Il decreto, approvato dal Consiglio dei Ministri del 16 settembre 2021, semplifica il perimetro di estensione del certificato verde optando per il principio universale dell’accesso ai luoghi di lavoro. Criterio che, di fatto, esclude solamente i pensionati le casalinghe e i disoccupati.

Nell’art. 2 del decreto si legge che dal 15 ottobre 2021 e fino al 31 dicembre 2021, termine di cessazione dello stato di emergenza, “chiunque svolge una attività lavorativa nel settore privato è fatto obbligo, ai fini dell’accesso nei luoghi in cui la predetta attività è svolta, di possedere e di esibire su richiesta la certificazione verde”.

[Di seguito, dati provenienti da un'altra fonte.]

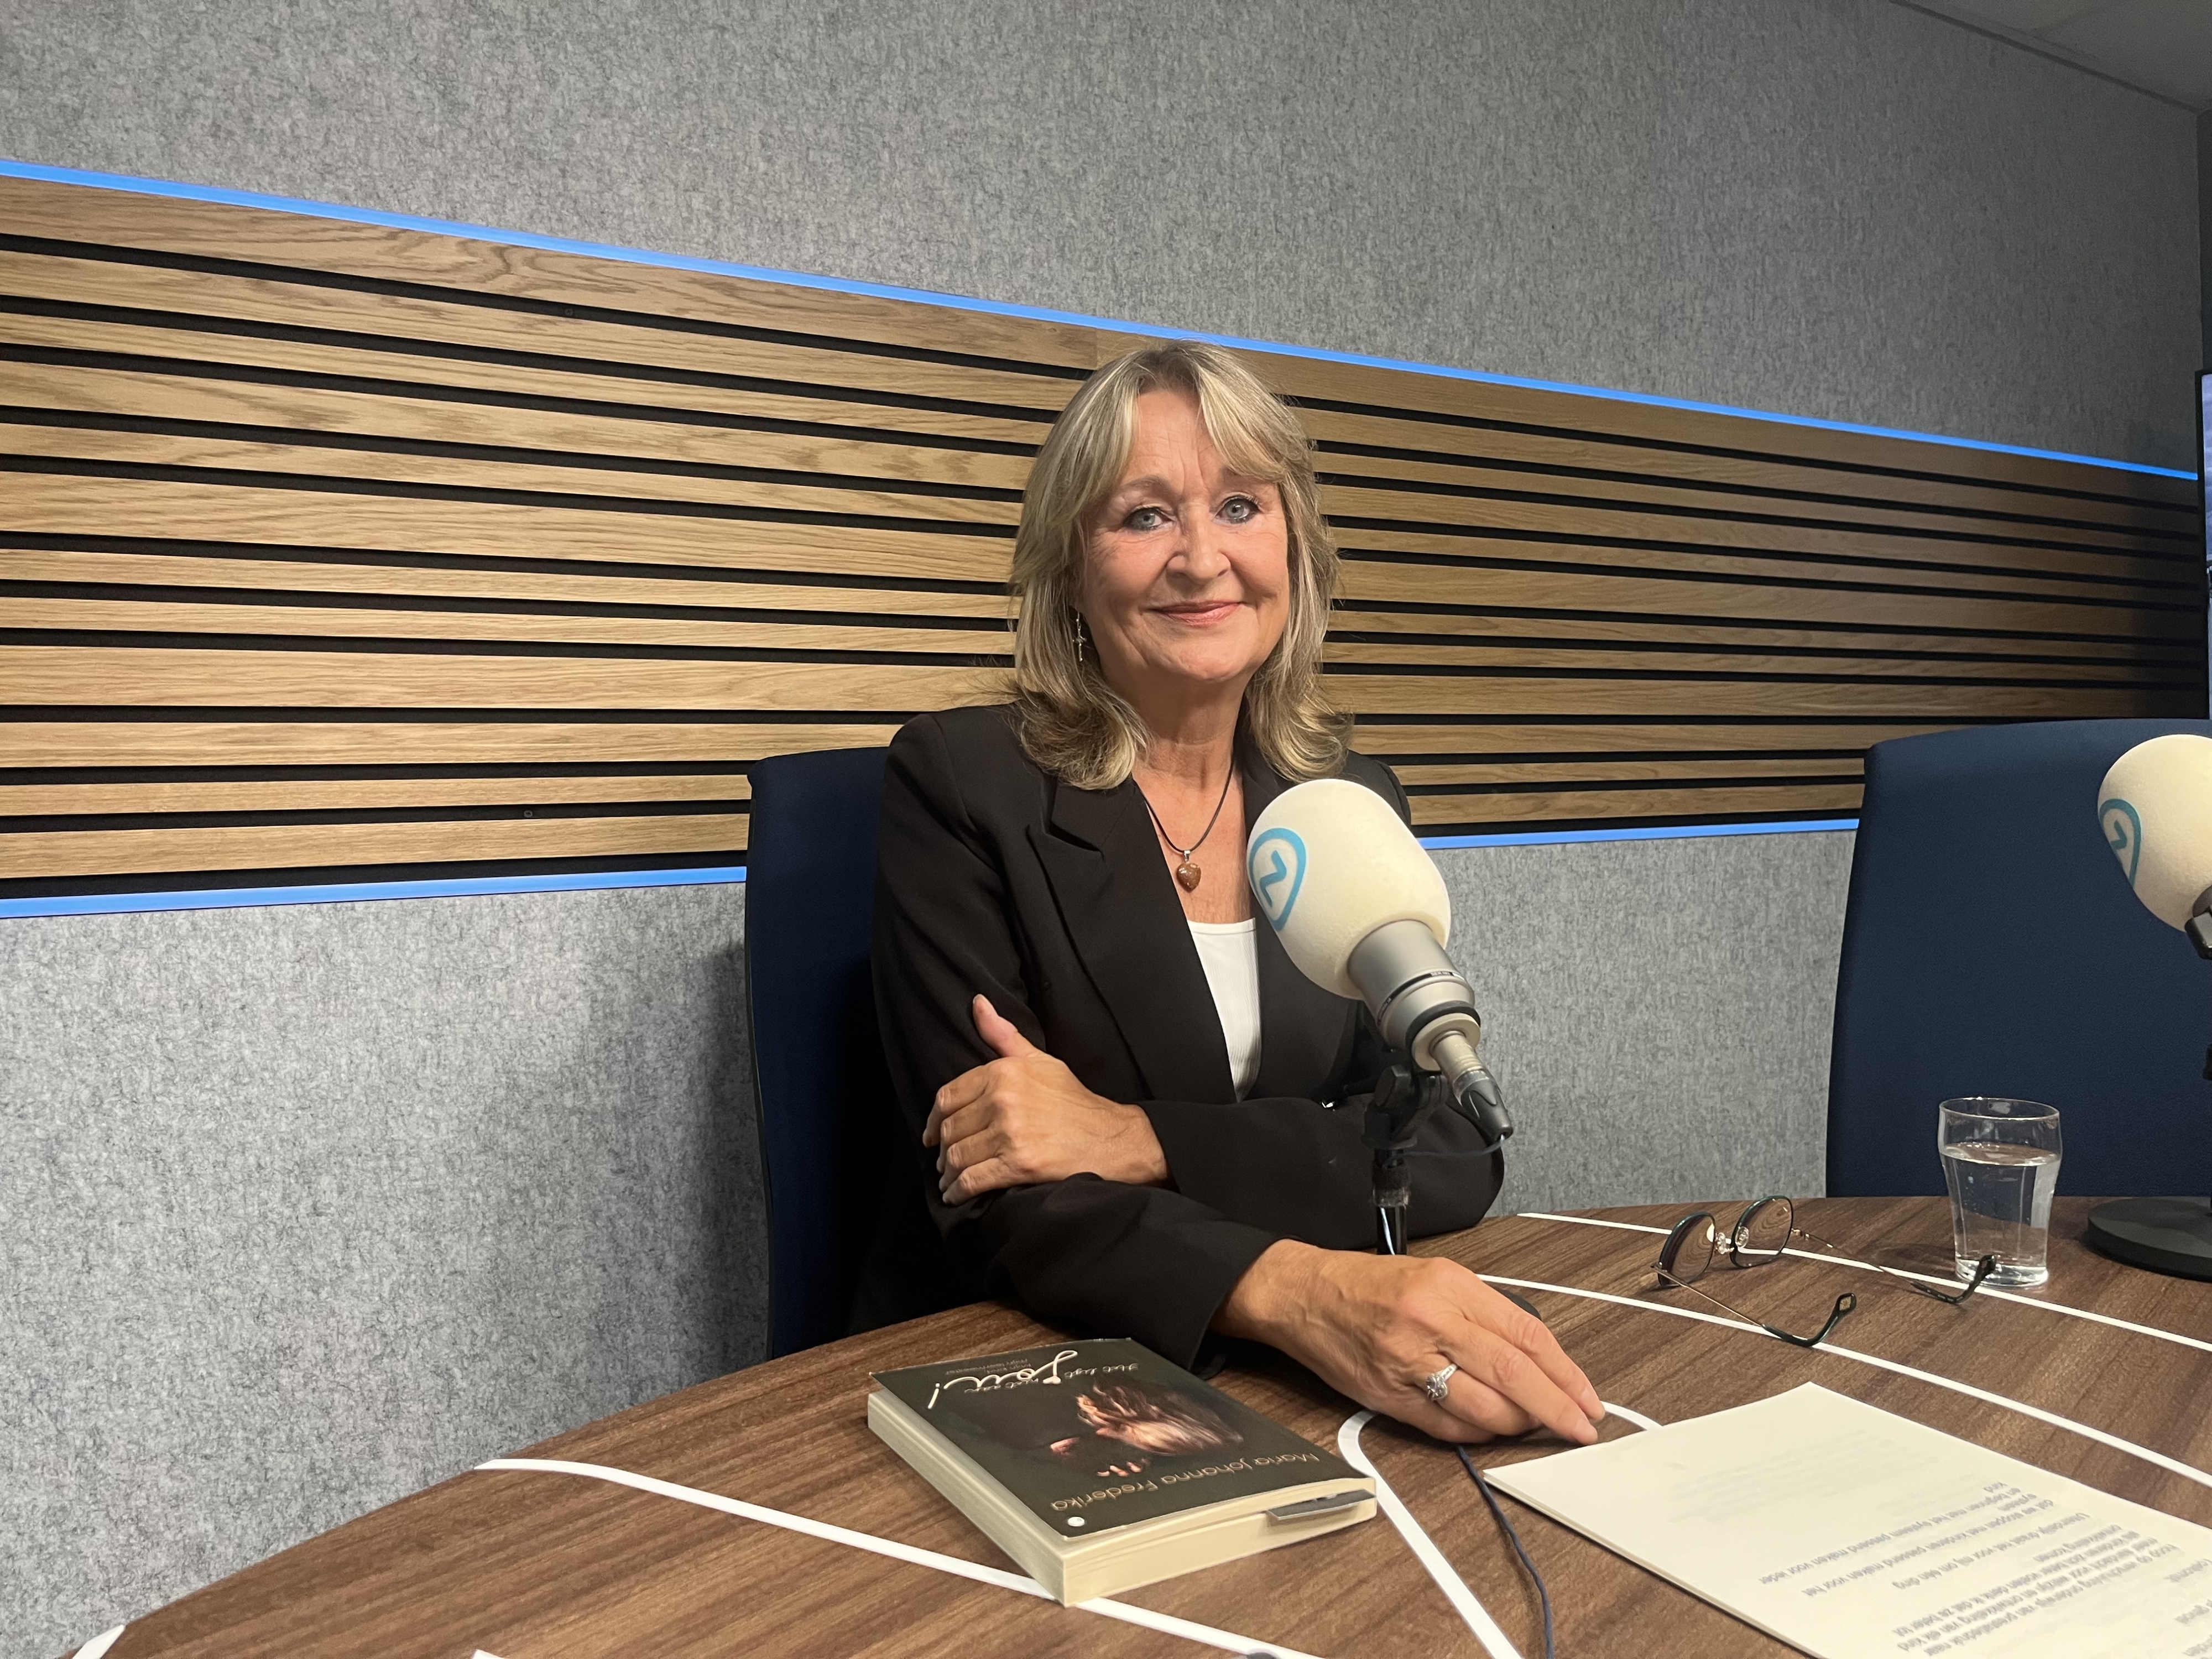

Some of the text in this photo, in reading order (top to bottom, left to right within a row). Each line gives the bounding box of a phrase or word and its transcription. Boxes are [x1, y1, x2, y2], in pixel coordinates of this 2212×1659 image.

L’obbligo del certificato per l’accesso al luogo di lavoro ha efficacia, pertanto, per tutti i lavoratori privati, ivi inclusi, ad esempio, i liberi professionisti e i collaboratori familiari. I principi di regolamentazione del comparto privato seguono quanto previsto per la pubblica amministrazione.

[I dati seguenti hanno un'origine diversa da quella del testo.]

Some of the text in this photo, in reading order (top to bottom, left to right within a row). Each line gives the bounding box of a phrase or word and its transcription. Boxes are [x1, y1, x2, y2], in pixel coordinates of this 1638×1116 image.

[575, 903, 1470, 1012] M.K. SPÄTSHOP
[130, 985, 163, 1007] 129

La verifica del possesso del certificato per i lavoratori esterni “sul rispetto delle prescrizioni è effettuata anche dai rispettivi datori di lavoro”; questi, secondo l’art. 2 comma 5, dovranno definire entro il 15 ottobre 2021 le modalità operative per l’organizzazione delle verifiche, anche a campione, prevedendo prioritariamente, ove possibile, che tali controlli siano effettuati al momento dell’accesso ai luoghi di lavoro e individuano con atto formale i soggetti incaricati dell’accertamento e della contestazione delle violazioni degli obblighi.

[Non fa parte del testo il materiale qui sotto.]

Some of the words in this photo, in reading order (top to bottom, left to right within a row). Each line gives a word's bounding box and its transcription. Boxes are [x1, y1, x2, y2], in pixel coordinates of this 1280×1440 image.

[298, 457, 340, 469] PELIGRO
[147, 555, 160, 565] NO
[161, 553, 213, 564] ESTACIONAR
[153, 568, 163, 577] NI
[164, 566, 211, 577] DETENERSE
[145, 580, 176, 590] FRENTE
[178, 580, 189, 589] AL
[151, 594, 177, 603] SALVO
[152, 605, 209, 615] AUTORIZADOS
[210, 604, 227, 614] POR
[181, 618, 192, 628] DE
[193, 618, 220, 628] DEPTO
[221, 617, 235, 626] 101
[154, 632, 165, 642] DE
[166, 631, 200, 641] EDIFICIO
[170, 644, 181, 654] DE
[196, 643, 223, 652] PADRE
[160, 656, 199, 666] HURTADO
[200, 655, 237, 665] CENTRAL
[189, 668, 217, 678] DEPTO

I lavoratori del settore privato che non seguiranno le prescrizioni normative, secondo il comma 6 dell’art. 2, verranno sospesi dalla prestazione lavorativa, al fine di tutelare la salute e la sicurezza dei lavoratori nel luogo di lavoro. Per il periodo di sospensione non sono dovuti la retribuzione né altro compenso o emolumento, comunque denominato. In ogni caso i lavoratori mantengono il diritto alla conservazione del rapporto di lavoro.

Controlli e sanzioni

Il decreto, in relazione ai controlli, specifica che “i datori di lavoro sono tenuti a verificare il rispetto delle prescrizioni”. All’ingresso degli uffici e delle aziende i dipendenti dovranno esibire la certificazione verde al responsabile delle verifiche, che dovrà essere individuato dai vertici aziendali proprio come avviene negli Istituti scolastici e nelle università ove già vige l’obbligo del dirigente di accertare che docenti e dipendenti siano “in possesso della certificazione”.

Al momento della verifica chi non ha il green pass non potrà accedere all’interno dei luoghi di lavoro verrà considerato assente ingiustificato. Dopo cinque giorni di assenza ingiustificata, nell’ambito del comparto pubblico, e solo un giorno nel privato, “il rapporto di lavoro è sospeso e non sono dovuti retribuzione e altri compensi o emolumenti”. La riammissione in servizio è subordinata al possesso di valida certificazione verde. La sospensione del rapporto di lavoro non è qualificabile come sanzione disciplinare.

La violazione dell’obbligo di esibizione del certificato è punita con una multa che oscilla tra i 600 e i 1.500 euro e può essere ulteriormente aumentata in caso di contraffazione del green pass. Per i datori di lavoro che non abbiano verificato il rispetto delle regole e che non abbiano predisposto le corrette modalità di verifica è prevista, invece, una sanzione da 400 a 1.000 euro.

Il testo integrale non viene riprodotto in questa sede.